▶ **YOUR INSTRUCTIONS**
In the records below, find the line with "this 1065×1600 image."; retype that line and all the following lines through the end, exactly, and add nothing.

▶ **RECORD EXTRACTS**

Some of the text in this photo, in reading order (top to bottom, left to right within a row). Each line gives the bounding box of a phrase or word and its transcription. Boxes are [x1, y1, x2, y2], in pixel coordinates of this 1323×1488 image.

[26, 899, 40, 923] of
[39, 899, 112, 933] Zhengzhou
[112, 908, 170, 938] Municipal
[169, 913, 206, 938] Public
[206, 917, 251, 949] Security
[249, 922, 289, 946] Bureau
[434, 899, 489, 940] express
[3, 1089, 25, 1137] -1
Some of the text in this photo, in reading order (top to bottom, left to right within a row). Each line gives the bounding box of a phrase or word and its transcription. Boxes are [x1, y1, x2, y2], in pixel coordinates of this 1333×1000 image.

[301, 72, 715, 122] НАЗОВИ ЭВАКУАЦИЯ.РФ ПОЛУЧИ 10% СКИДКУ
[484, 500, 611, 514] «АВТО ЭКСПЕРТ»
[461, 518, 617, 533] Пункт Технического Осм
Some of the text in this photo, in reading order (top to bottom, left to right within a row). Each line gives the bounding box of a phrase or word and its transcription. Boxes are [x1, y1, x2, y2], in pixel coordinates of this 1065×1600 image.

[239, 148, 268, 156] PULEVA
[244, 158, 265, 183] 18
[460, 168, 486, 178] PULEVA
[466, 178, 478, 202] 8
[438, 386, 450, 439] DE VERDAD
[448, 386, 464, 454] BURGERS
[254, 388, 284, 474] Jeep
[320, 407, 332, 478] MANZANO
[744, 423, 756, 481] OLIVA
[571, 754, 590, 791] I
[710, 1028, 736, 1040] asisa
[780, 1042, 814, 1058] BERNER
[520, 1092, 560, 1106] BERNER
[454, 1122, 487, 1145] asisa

▶ **TASK OUTPUT**
Some of the text in this photo, in reading order (top to bottom, left to right within a row). Each line gives the bounding box of a phrase or word and its transcription. Boxes are [x1, y1, x2, y2], in pixel coordinates of this 1065×1600 image.

[239, 148, 268, 156] PULEVA
[244, 158, 265, 183] 18
[460, 168, 486, 178] PULEVA
[466, 178, 478, 202] 8
[438, 386, 450, 439] DE VERDAD
[448, 386, 464, 454] BURGERS
[254, 388, 284, 474] Jeep
[320, 407, 332, 478] MANZANO
[744, 423, 756, 481] OLIVA
[571, 754, 590, 791] I
[710, 1028, 736, 1040] asisa
[780, 1042, 814, 1058] BERNER
[520, 1092, 560, 1106] BERNER
[454, 1122, 487, 1145] asisa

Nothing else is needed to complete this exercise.